* What is needed: Repeat the material exactly, every line of it.

* Data in this exercise:
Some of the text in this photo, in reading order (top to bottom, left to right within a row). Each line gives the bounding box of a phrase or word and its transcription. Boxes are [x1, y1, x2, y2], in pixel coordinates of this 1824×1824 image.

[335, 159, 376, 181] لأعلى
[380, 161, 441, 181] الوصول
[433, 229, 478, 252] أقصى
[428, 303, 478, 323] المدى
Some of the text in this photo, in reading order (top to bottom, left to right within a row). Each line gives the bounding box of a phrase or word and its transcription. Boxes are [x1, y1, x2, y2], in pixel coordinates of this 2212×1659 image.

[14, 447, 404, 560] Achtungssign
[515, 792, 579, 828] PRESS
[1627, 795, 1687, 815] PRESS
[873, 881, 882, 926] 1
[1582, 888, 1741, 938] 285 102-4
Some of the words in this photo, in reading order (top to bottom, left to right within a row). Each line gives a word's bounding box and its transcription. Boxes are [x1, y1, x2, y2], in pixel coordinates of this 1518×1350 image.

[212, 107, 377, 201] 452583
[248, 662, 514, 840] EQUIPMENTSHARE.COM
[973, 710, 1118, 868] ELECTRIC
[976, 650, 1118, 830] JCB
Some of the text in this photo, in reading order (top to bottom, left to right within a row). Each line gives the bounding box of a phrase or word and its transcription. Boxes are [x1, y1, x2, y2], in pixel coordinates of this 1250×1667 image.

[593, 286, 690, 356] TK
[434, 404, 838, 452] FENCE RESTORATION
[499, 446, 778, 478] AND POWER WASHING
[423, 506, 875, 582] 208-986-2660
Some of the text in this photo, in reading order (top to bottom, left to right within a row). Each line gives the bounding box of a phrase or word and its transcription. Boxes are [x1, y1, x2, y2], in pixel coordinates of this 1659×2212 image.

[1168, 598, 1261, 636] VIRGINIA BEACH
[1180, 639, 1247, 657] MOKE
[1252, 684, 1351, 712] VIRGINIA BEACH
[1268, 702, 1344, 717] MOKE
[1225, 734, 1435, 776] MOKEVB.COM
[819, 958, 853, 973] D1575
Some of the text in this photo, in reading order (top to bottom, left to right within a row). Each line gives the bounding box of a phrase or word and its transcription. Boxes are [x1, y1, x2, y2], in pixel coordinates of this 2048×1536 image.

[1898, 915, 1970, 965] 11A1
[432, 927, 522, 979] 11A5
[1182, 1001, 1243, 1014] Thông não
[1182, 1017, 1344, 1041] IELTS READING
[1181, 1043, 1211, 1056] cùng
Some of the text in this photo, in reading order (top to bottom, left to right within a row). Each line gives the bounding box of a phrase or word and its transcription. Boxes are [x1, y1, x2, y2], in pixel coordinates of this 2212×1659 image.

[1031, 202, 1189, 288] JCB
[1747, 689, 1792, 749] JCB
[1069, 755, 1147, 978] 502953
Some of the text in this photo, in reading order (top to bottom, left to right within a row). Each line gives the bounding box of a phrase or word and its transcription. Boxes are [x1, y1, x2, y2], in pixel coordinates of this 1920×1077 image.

* Answer to this problem:
Some of the text in this photo, in reading order (top to bottom, left to right within a row). Each line gives the bounding box of a phrase or word and its transcription. Boxes are [x1, y1, x2, y2], in pixel coordinates of this 1824×1824 image.

[335, 159, 376, 181] لأعلى
[380, 161, 441, 181] الوصول
[433, 229, 478, 252] أقصى
[428, 303, 478, 323] المدى
Some of the text in this photo, in reading order (top to bottom, left to right within a row). Each line gives the bounding box of a phrase or word and its transcription. Boxes are [x1, y1, x2, y2], in pixel coordinates of this 2212×1659 image.

[14, 447, 404, 560] Achtungssign
[515, 792, 579, 828] PRESS
[1627, 795, 1687, 815] PRESS
[873, 881, 882, 926] 1
[1582, 888, 1741, 938] 285 102-4
Some of the words in this photo, in reading order (top to bottom, left to right within a row). Each line gives a word's bounding box and its transcription. Boxes are [x1, y1, x2, y2], in pixel coordinates of this 1518×1350 image.

[212, 107, 377, 201] 452583
[248, 662, 514, 840] EQUIPMENTSHARE.COM
[973, 710, 1118, 868] ELECTRIC
[976, 650, 1118, 830] JCB
Some of the text in this photo, in reading order (top to bottom, left to right within a row). Each line gives the bounding box of a phrase or word and its transcription. Boxes are [x1, y1, x2, y2], in pixel coordinates of this 1250×1667 image.

[593, 286, 690, 356] TK
[434, 404, 838, 452] FENCE RESTORATION
[499, 446, 778, 478] AND POWER WASHING
[423, 506, 875, 582] 208-986-2660
Some of the text in this photo, in reading order (top to bottom, left to right within a row). Each line gives the bounding box of a phrase or word and its transcription. Boxes are [x1, y1, x2, y2], in pixel coordinates of this 1659×2212 image.

[1168, 598, 1261, 636] VIRGINIA BEACH
[1180, 639, 1247, 657] MOKE
[1252, 684, 1351, 712] VIRGINIA BEACH
[1268, 702, 1344, 717] MOKE
[1225, 734, 1435, 776] MOKEVB.COM
[819, 958, 853, 973] D1575
Some of the text in this photo, in reading order (top to bottom, left to right within a row). Each line gives the bounding box of a phrase or word and its transcription. Boxes are [x1, y1, x2, y2], in pixel coordinates of this 2048×1536 image.

[1898, 915, 1970, 965] 11A1
[432, 927, 522, 979] 11A5
[1182, 1001, 1243, 1014] Thông não
[1182, 1017, 1344, 1041] IELTS READING
[1181, 1043, 1211, 1056] cùng
Some of the text in this photo, in reading order (top to bottom, left to right within a row). Each line gives the bounding box of a phrase or word and its transcription. Boxes are [x1, y1, x2, y2], in pixel coordinates of this 2212×1659 image.

[1031, 202, 1189, 288] JCB
[1747, 689, 1792, 749] JCB
[1069, 755, 1147, 978] 502953
Some of the text in this photo, in reading order (top to bottom, left to right within a row). Each line gives the bounding box of a phrase or word and its transcription. Boxes are [x1, y1, x2, y2], in pixel coordinates of this 1920×1077 image.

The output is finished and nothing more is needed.